### Your task
Every record should be copied exactly, and the images omitted.

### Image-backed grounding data

Segment Open

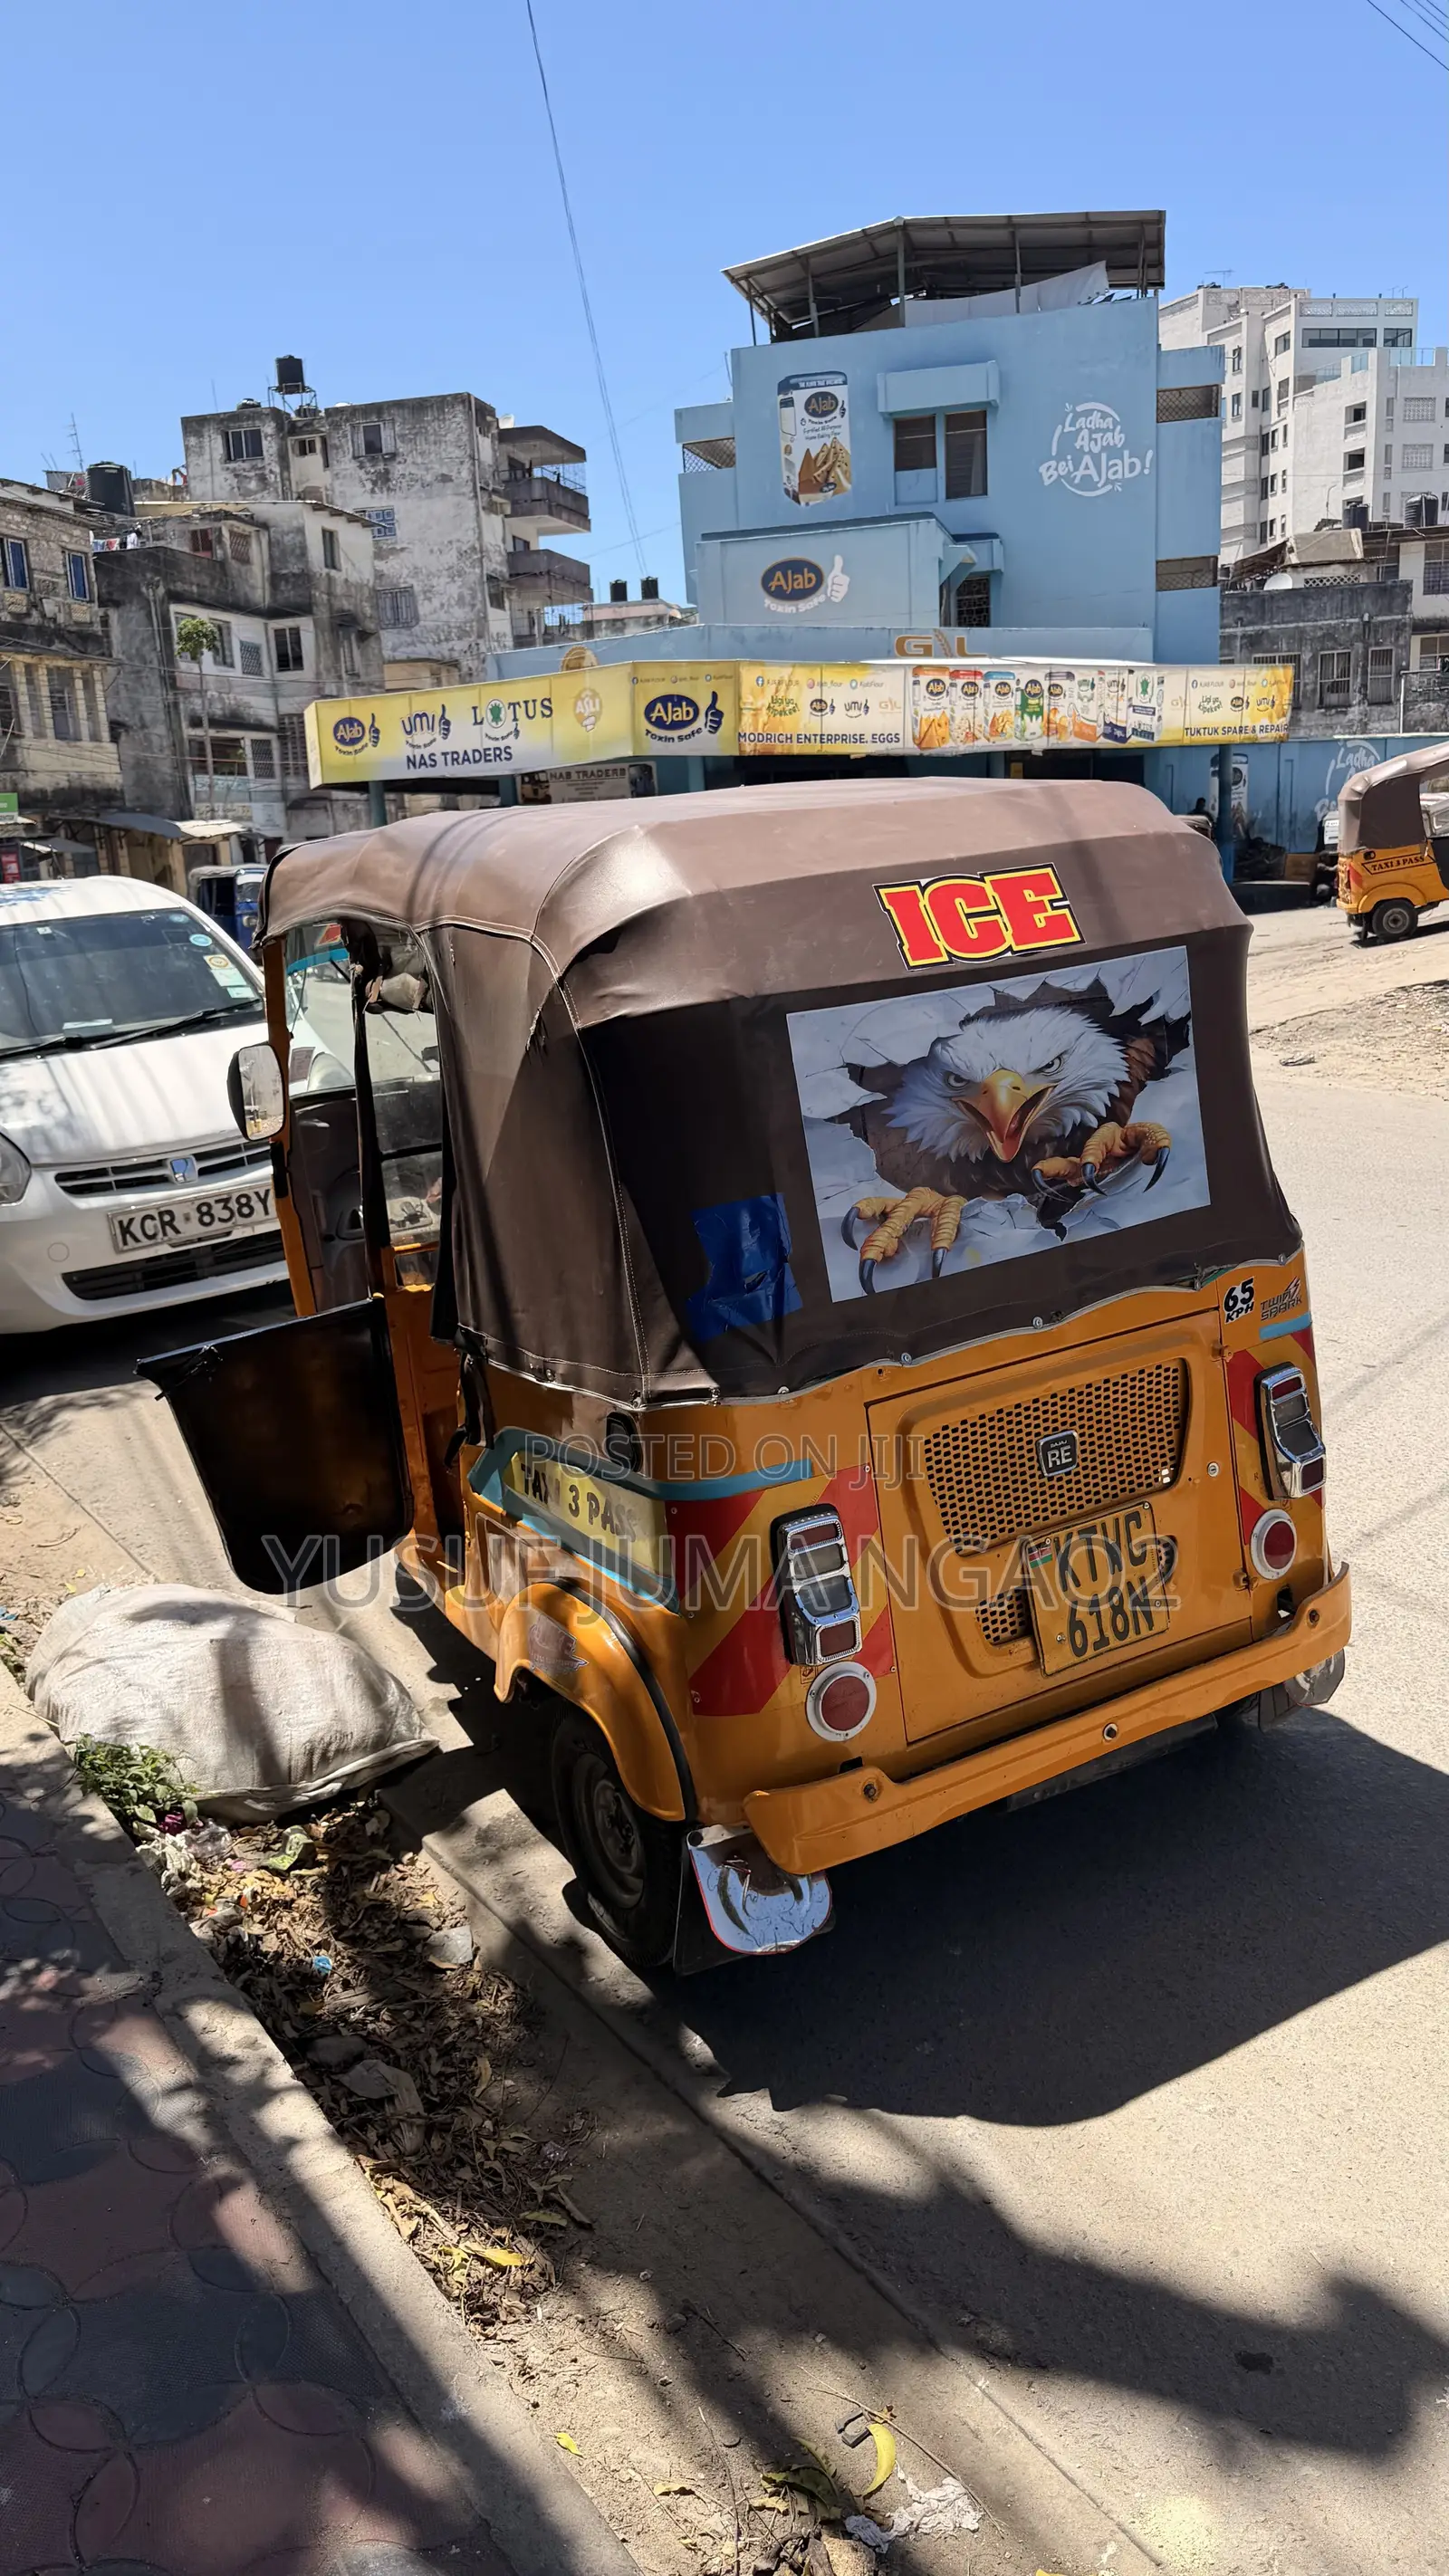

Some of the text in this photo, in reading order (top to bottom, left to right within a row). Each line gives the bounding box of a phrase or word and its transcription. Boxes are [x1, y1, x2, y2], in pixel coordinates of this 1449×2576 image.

[1064, 410, 1114, 432] Ladha
[1039, 455, 1074, 486] Bei
[764, 594, 826, 613] Toxin Safe
[575, 696, 600, 716] ASLI
[645, 727, 703, 742] Toxin Safe
[738, 732, 793, 744] MODRICH
[871, 733, 901, 744] EGGS
[1185, 724, 1290, 737] TUKTUK SPARE & REPAIR
[406, 745, 513, 770] NAS TRADERS
[1336, 746, 1375, 769] Ladha
[1371, 860, 1394, 871] TAXI
[1403, 856, 1425, 865] PASS
[874, 864, 1084, 969] ICE
[118, 1188, 271, 1247] KCR 838Y
[1223, 1277, 1255, 1312] 65
[1260, 1289, 1291, 1311] TWIN
[1225, 1301, 1254, 1324] KPH
[1260, 1297, 1302, 1322] SPARK
[1047, 1444, 1073, 1469] RE
[568, 1484, 581, 1518] 3
[1069, 1575, 1155, 1658] 618N
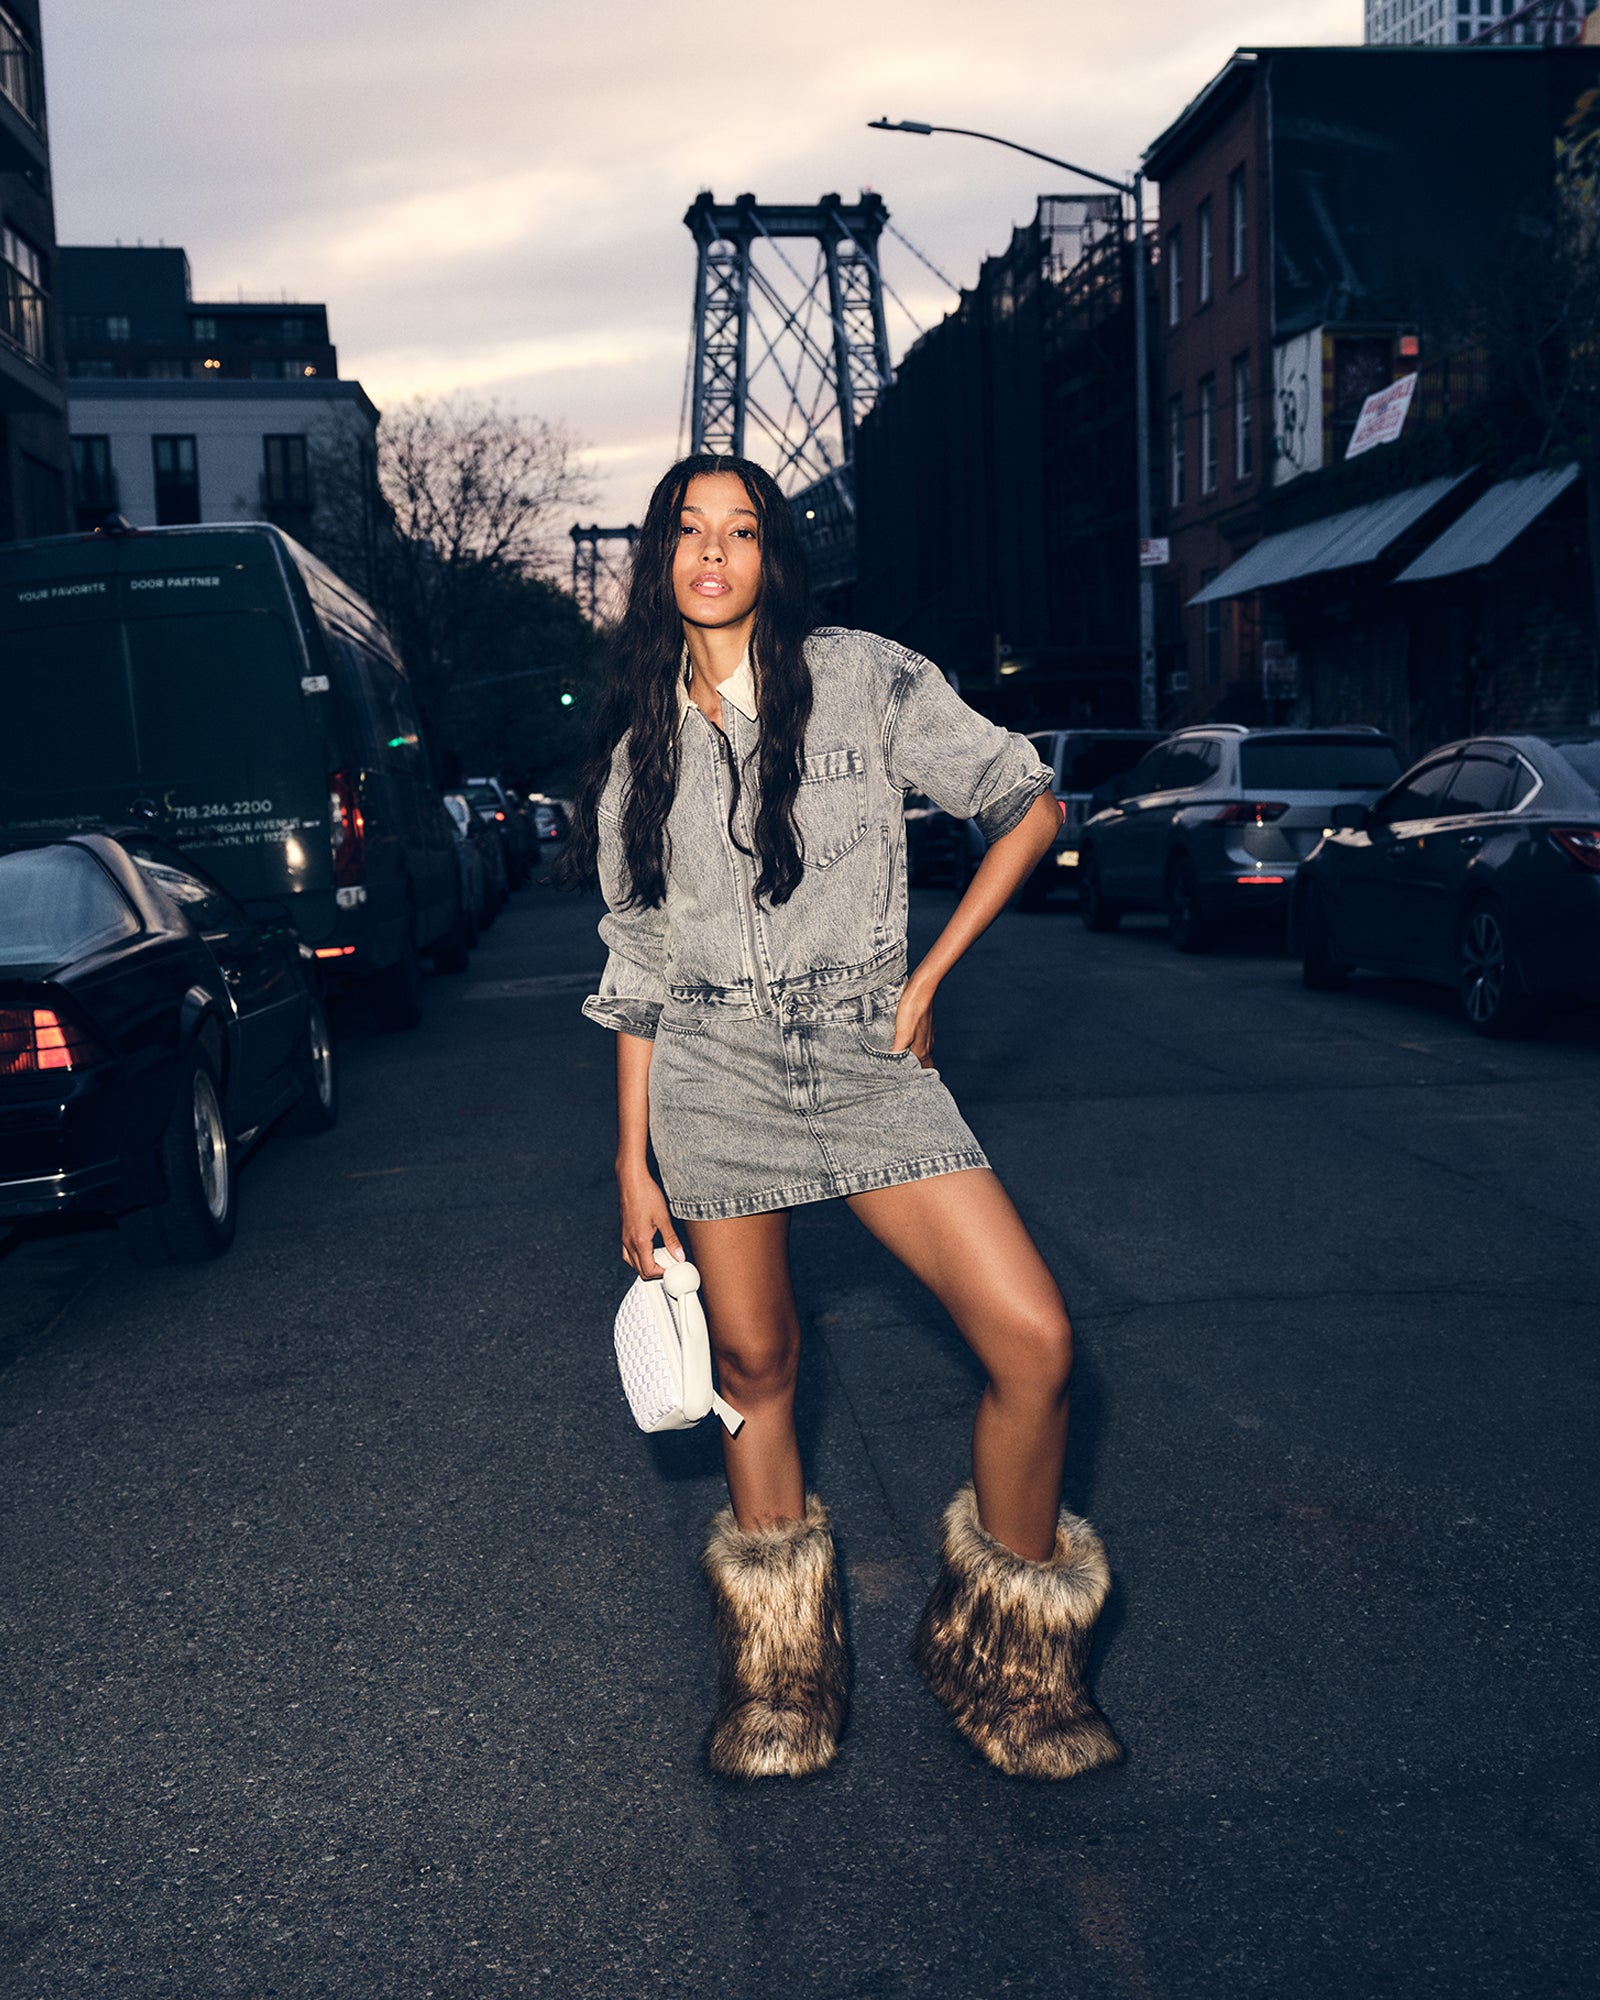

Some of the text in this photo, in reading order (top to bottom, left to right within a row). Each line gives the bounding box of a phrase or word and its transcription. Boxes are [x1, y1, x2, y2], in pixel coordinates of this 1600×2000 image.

[17, 575, 221, 603] YOUR FAVORITE DOOR PARTNER
[175, 799, 272, 820] 718.246.2200
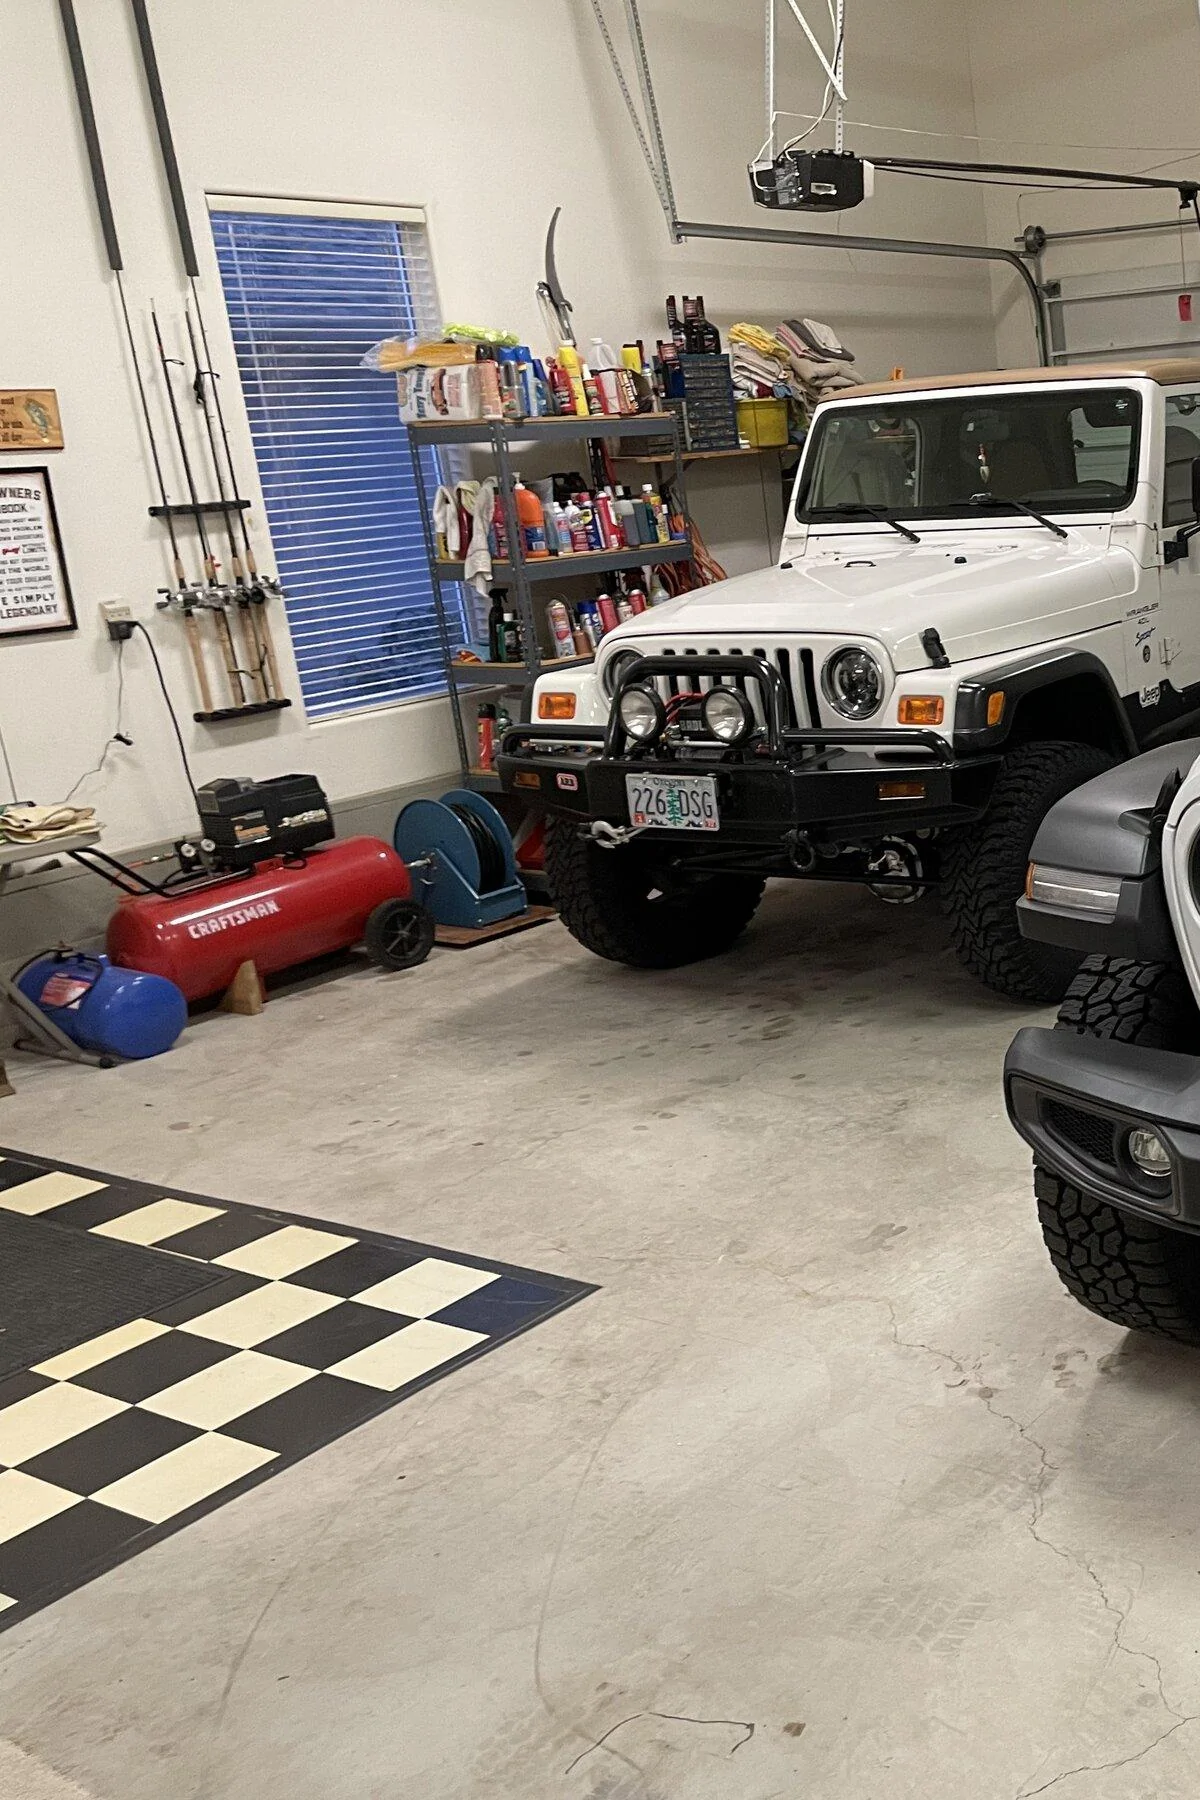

Segment Closed

### Exercise response
Some of the text in this photo, in reading order (top to bottom, left to right within a row). Each line gives the bounding box of a phrase or word and its transcription. Boxes are [x1, y1, x2, y2], in pixel coordinates of this 1449×2576 image.

[1064, 410, 1114, 432] Ladha
[1039, 455, 1074, 486] Bei
[764, 594, 826, 613] Toxin Safe
[575, 696, 600, 716] ASLI
[645, 727, 703, 742] Toxin Safe
[738, 732, 793, 744] MODRICH
[871, 733, 901, 744] EGGS
[1185, 724, 1290, 737] TUKTUK SPARE & REPAIR
[406, 745, 513, 770] NAS TRADERS
[1336, 746, 1375, 769] Ladha
[1371, 860, 1394, 871] TAXI
[1403, 856, 1425, 865] PASS
[874, 864, 1084, 969] ICE
[118, 1188, 271, 1247] KCR 838Y
[1223, 1277, 1255, 1312] 65
[1260, 1289, 1291, 1311] TWIN
[1225, 1301, 1254, 1324] KPH
[1260, 1297, 1302, 1322] SPARK
[1047, 1444, 1073, 1469] RE
[568, 1484, 581, 1518] 3
[1069, 1575, 1155, 1658] 618N

Some of the text in this photo, in reading order (top to bottom, left to right within a row). Each line gives the bounding box of a phrase or word and its transcription. Boxes are [x1, y1, x2, y2], in pixel coordinates of this 1600×2000 image.

[17, 575, 221, 603] YOUR FAVORITE DOOR PARTNER
[175, 799, 272, 820] 718.246.2200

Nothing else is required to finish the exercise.